Recurring characters 
 Mario Barrio (Fele Martínez) Irene's old boyfriend. He stays for a few days at the institute to do a report. He has sex with Blanca out of spite before leaving. (seasons 1–2)
 Marisa Castro (María Casal) She is Roque's mother and Adolfo's wife. She is an inspector of schools and institutes. She has a strong character, which makes her husband and son hide their personal problems from her. She divorces Adolfo after the cancer operation. She rebuilds her life with another man. (seasons 2–4)
 Leonor "Leo" Grandes Álvarez (Verónika Moral) She is the ex-wife of Roque and the mother of Alba, their daughter. She lived for five years in Belgium and returns to Zurbarán as a professor of philosophy. She is insecure, crazy and unhinged. She tricks Roque into sleeping with her, causing him to become distracted and not be aware of the class during the quad accident where Isaac lost his life. Leo leaves for the United States where she fails, returns to Spain and then moves to London. (seasons 2–3)
 Pablo Calleja (Pablo Espinosa) He is a friend of Julio and Cabano. At the end of the fourth season, Julio suspects that it was he who sneaked alcohol into the end-of-year party, but Pablo confesses that he was not and reports that the culprit was Quino. (seasons 3–4)
 Lucía Prieto (Miriam Giovanelli) She is Rodrigo's sister. She is a very manipulative person. She was Julio's girlfriend for a season and managed to turn him against all his friends. She was arrested along with her brother Rodrigo. (seasons 2–3)
 Luis Parra (Isak Férriz) He is Teresa's father and Verónica's ex-boyfriend. Verónica left them when they were both 16 years old. Luis raised Teresa alone, and is enraged when he finds out that Verónica is looking for her. He reproaches her lifestyle and does everything possible to keep Teresa away from her "slutty" mother. Teresa is taken to Seville, and she escapes and returns to Madrid alone. Finally, Luis agrees that Teresa spend a season with Verónica before reaching the age of majority. (seasons 5–6)
 Erica (Aura Garrido) She is Alma's best friend from childhood. Erica is mentally unbalanced. Alma and Erica inadvertently caused the drowning death of another girl who wanted to join them. Alma had to change her life to escape the experience. Erica, manages to find Alma and turn her friends against her. He plays mind games with the Zurbarán boys and tries to assassinate Alma and Paula by setting the school on fire. In the end she was arrested for terrorism. (season 3)

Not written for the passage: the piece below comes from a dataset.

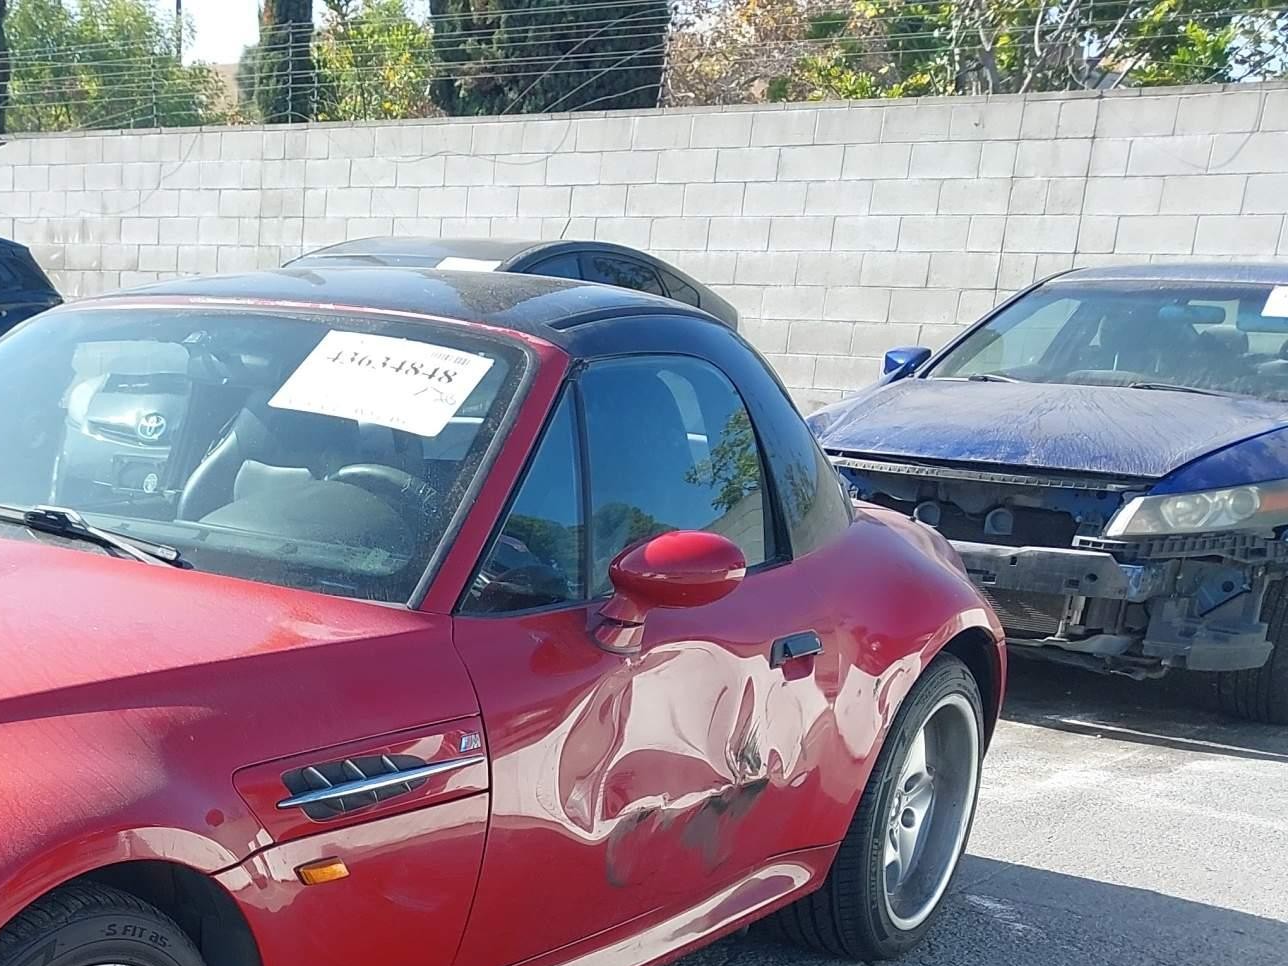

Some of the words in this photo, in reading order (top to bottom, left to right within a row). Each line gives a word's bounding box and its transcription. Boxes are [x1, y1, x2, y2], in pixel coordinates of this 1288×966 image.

[327, 351, 458, 384] 43634848
[105, 923, 117, 937] S
[122, 924, 147, 938] FIT

 Andrés (Diego Domínguez) He is a troubled boy, who has serious problems with Álvaro and frequently abuses Salva.  (season 6)
 Frida (Cook) It's Enrique's dog. It is extremely spoiled. She does not like Olimpia, who accidentally runs over her, and the dog bites Olimpia. (season 7)
 Rubén de la Torre Reig (Julio Soler Vargas) He is Julio's younger brother. Rubén admired his older brother because he saw him as everything he was not, popular, athletic, sure of himself. He was Cova's boyfriend. He abandons his best friend Adrián González to his fate in a park after a drug overdose, he spent several months visiting him. When Adrián dies, Rubén's guilt is so great that he ends up committing suicide. Julio decides to seek the truth behind the events and suffers when he learns that his brother was about to rape a girl, but did not reach adulthood due to his friend's overdose. (season 1)
 Alonso de la Torre (Jaime Pujol) He is the father of Julio and Rubén and the father-in-law of Cova. He abandoned his two children and his wife 10 years ago. (seasons 4–5)
 Mr. César Cabano (Santiago Meléndez) He is Cabano's father. He is abusive and intimidating, he beats his son and his wife. He assaults Blanca. His wife divorces him and takes their son. Later he cuts off all financial support for both, causing Cabano to have to make a living doing illegal work for minors. (seasons 1–2)
 Lourdes de Vera (Andrea Guardiola) She is the mother of Cabano. (season 2; season 4)
 Dolores "Loli" Prieto Marcos (Teresa Arbolí) She is the mother of Paula and Isaac. She divorces her husband and starts dating Adolfo. Her relationship with Adolfo fails after Isaac's death. She does not support Paula in her desire to become a singer, and she is responsible for Gorka's disappearance and estrangement.(seasons 1–6)
 Oliver Navarro (Oliver Morellón) He is a classmate of the boys and friend of Gorka. He pretended to be gay to play a joke on Fer. Oliver is in the men's bathroom with Cova to help her find out what kind of drugs Fer used at the party he was with Hugo, even though Oliver thinks that Cova called him to have sex with him. He was the culprit of raping Yoli. He receives a beating from Berto who left him in the hospital. The conscience is so great that Oliver turns himself in to the police. Yoli makes him believe that she forgives him, but then tells him that she never would. (seasons 1–2)
 Rodrigo Prieto (Carlos Velasco Peinado) He is Lucía's brother. He is Julio's coach at the gym. He befriends him, and turns him against all his friends. Rodrigo is the head of a gang of neo-Nazis and recruits Julio to adopt his way of thinking. The group sows terror in the city, hitting immigrants, homosexuals and people of other religions, including Quino. When he discovers that Julio is betraying him, he gives him a beating that leaves him in the hospital. Julio ambushes Rodrigo, causing him to be arrested. (seasons 2–3)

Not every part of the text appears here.